Images do not belong in the copy. Set down all the entries exactly.

◆ ◆ ◆

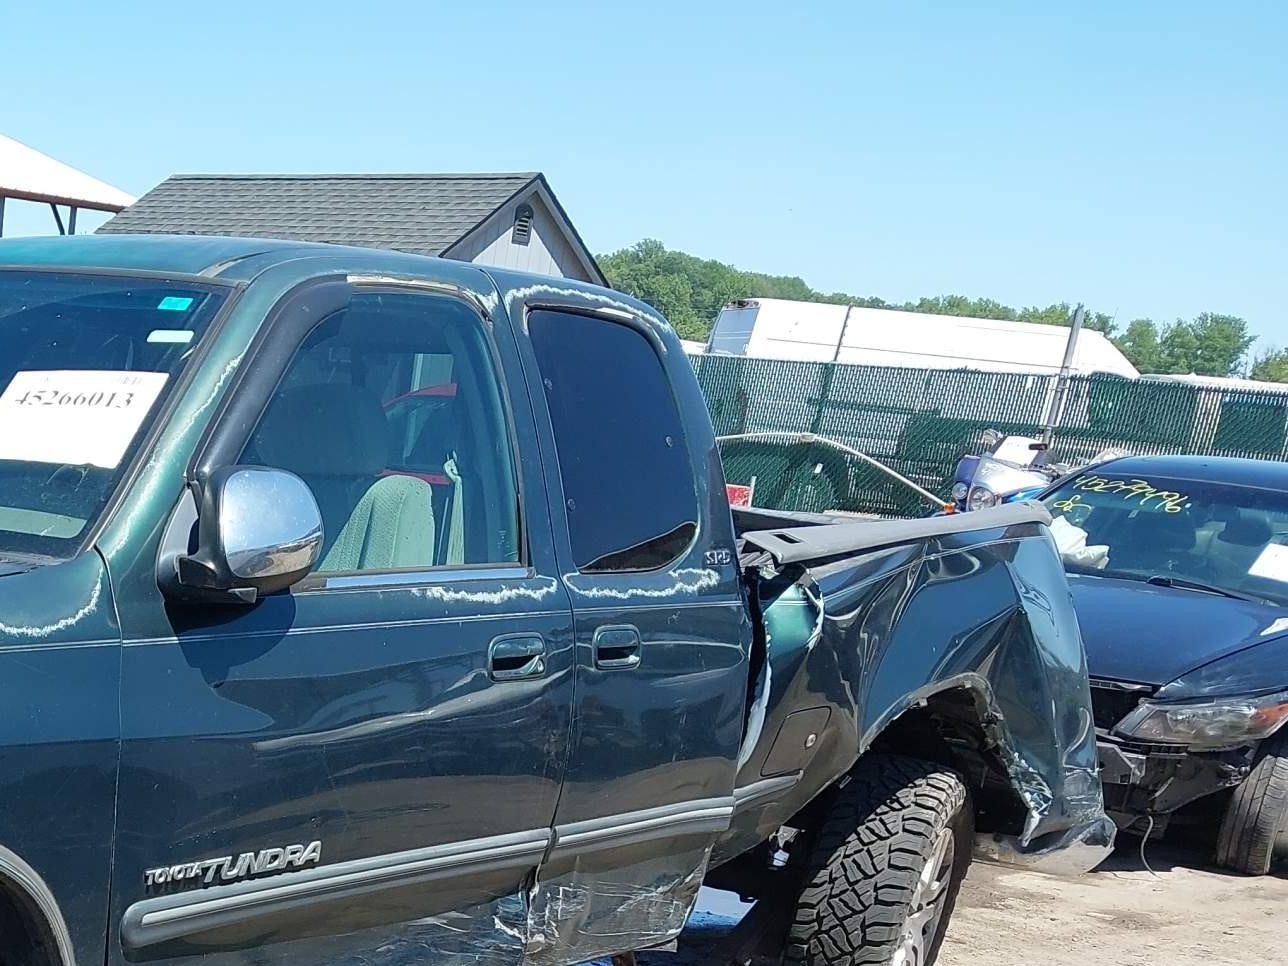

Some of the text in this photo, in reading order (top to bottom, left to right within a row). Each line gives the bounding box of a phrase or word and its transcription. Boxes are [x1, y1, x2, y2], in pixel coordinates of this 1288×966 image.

[14, 389, 135, 409] 45266013
[145, 840, 323, 886] TOYOTA TUNDRA
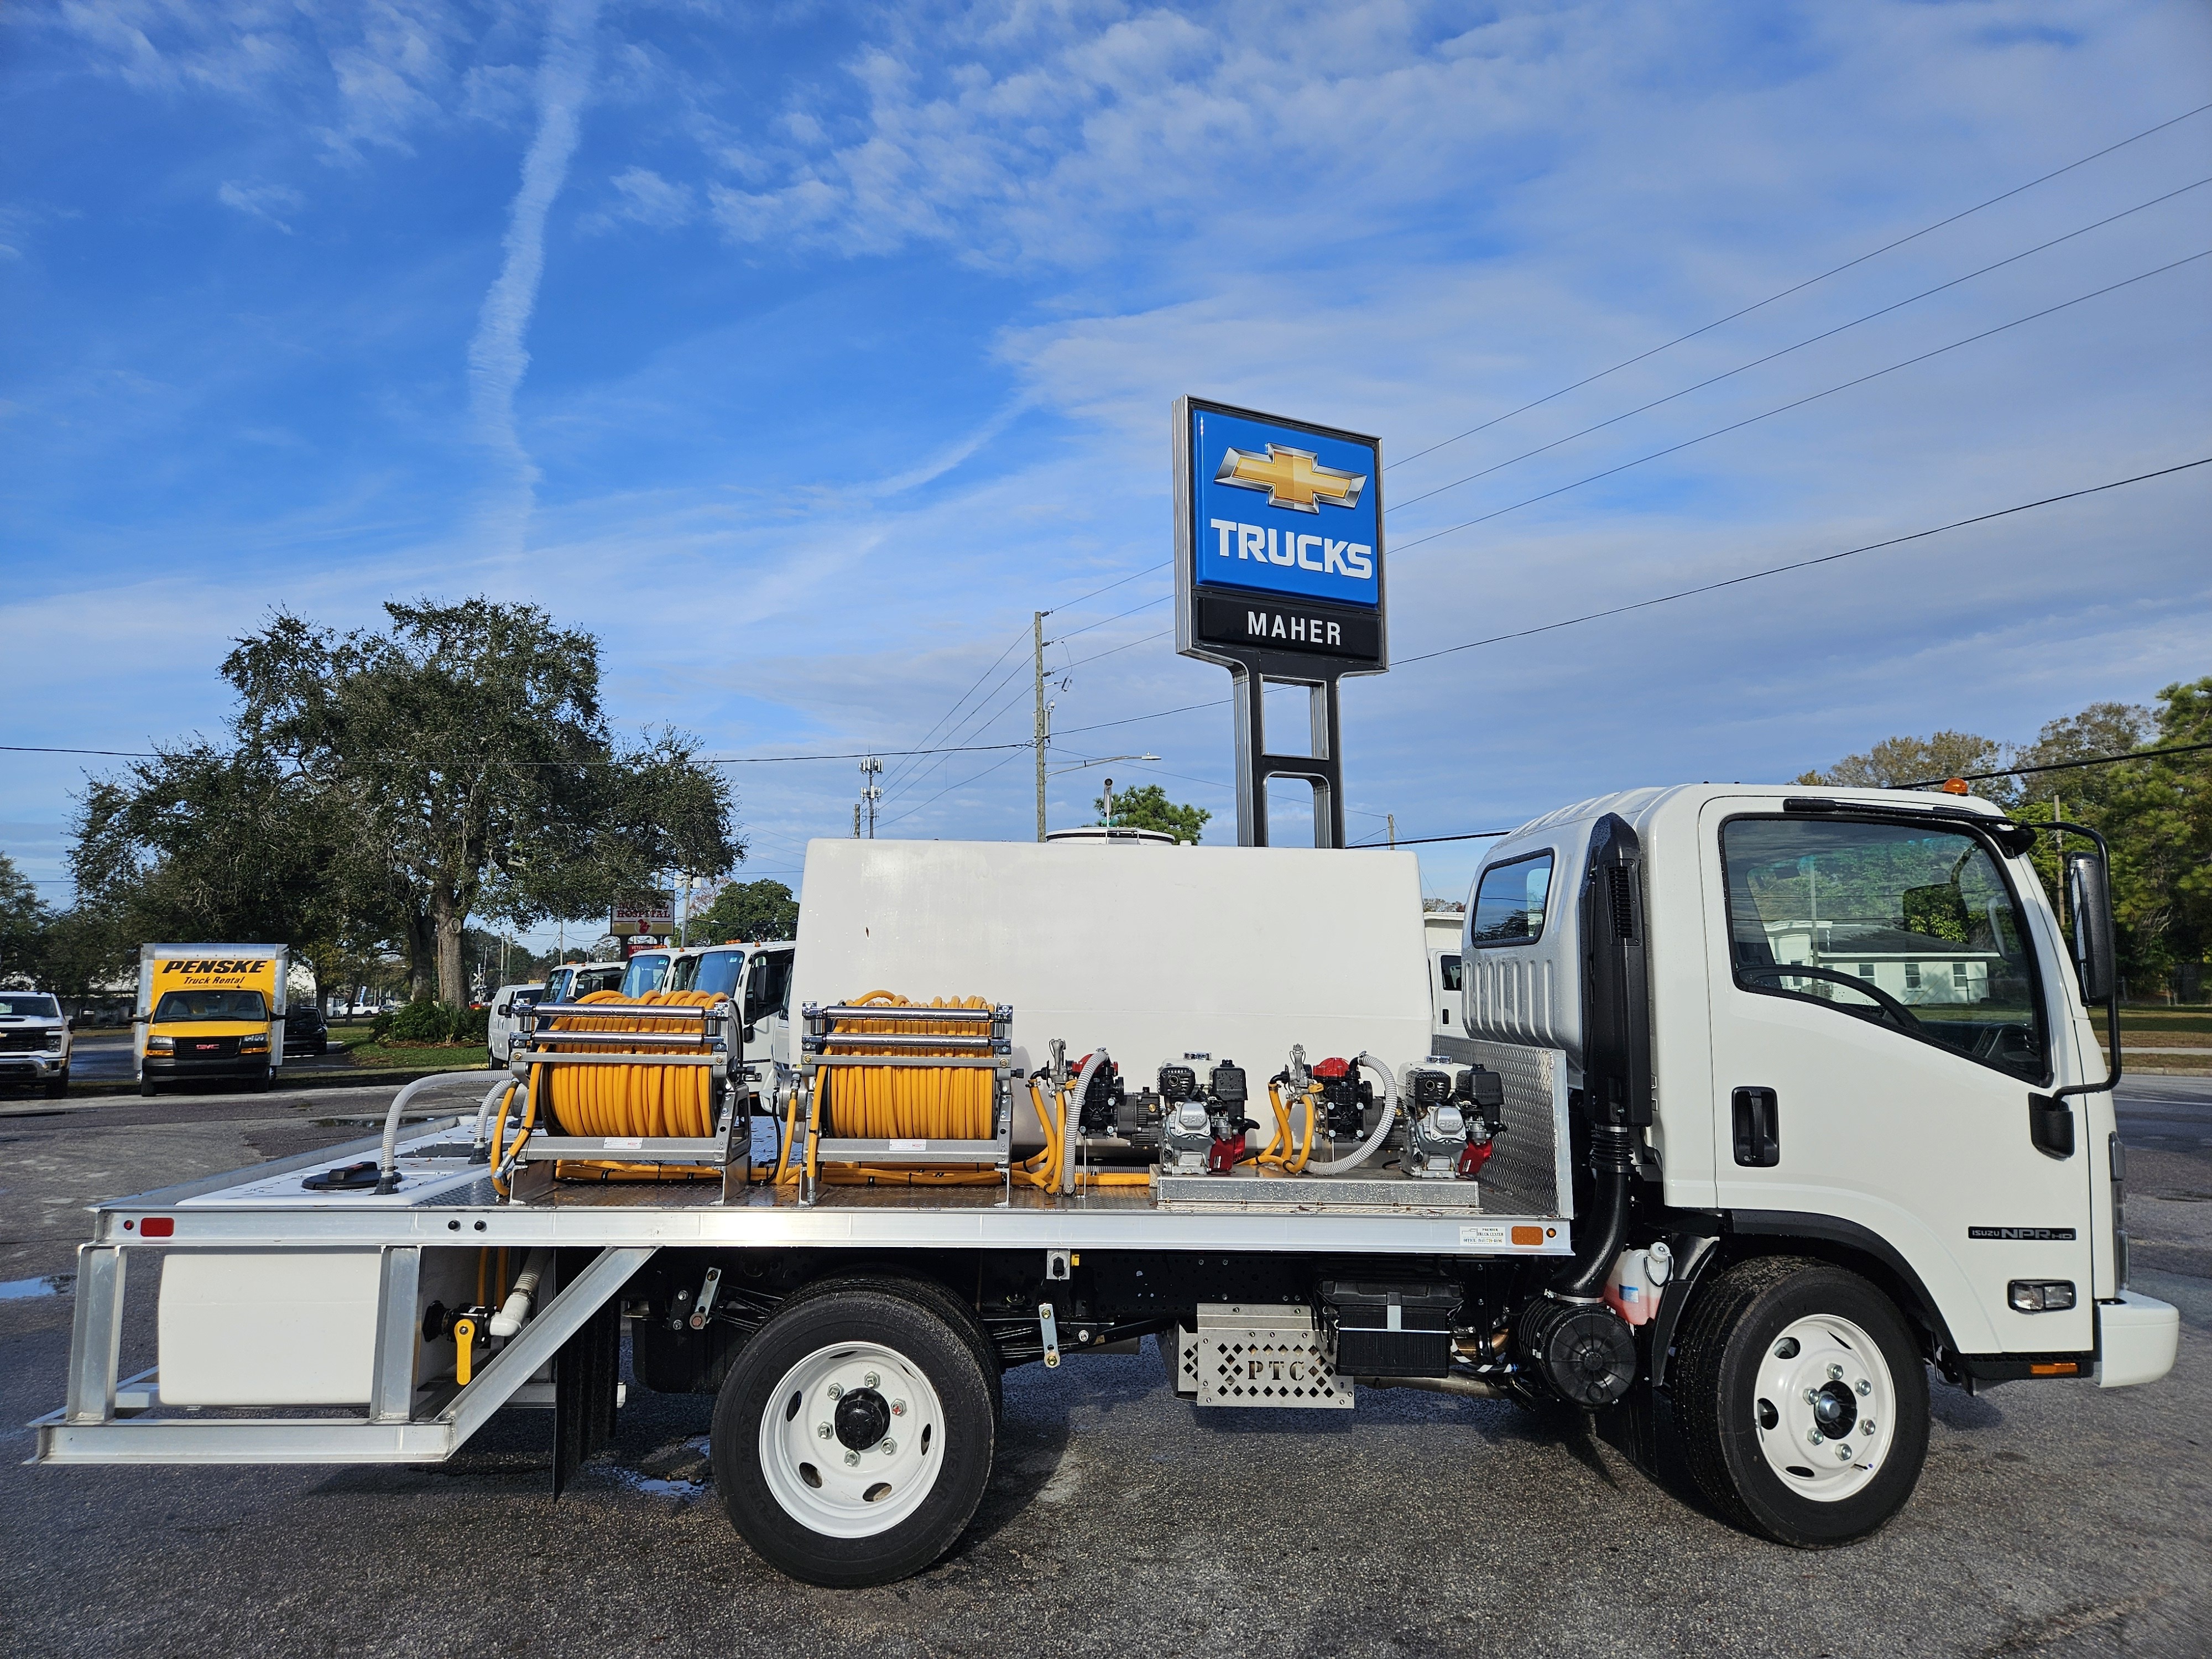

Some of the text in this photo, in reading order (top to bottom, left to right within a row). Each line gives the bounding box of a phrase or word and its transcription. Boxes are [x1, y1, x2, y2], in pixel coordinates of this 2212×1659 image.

[1211, 518, 1372, 579] TRUCKS
[1248, 611, 1340, 645] MAHER
[162, 960, 268, 974] PENSKE
[184, 976, 211, 984] Truck
[2001, 1228, 2051, 1239] NPR
[1248, 1360, 1305, 1381] PTC

◆ ◆ ◆

__RESPONSE TO THE TASK__:
Some of the text in this photo, in reading order (top to bottom, left to right within a row). Each line gives the bounding box of a phrase or word and its transcription. Boxes are [x1, y1, x2, y2], in pixel coordinates of this 1288×966 image.

[14, 389, 135, 409] 45266013
[145, 840, 323, 886] TOYOTA TUNDRA

Some of the text in this photo, in reading order (top to bottom, left to right within a row). Each line gives the bounding box of a phrase or word and its transcription. Boxes are [x1, y1, x2, y2], in pixel coordinates of this 2212×1659 image.

[1211, 518, 1372, 579] TRUCKS
[1248, 611, 1340, 645] MAHER
[162, 960, 268, 974] PENSKE
[184, 976, 211, 984] Truck
[2001, 1228, 2051, 1239] NPR
[1248, 1360, 1305, 1381] PTC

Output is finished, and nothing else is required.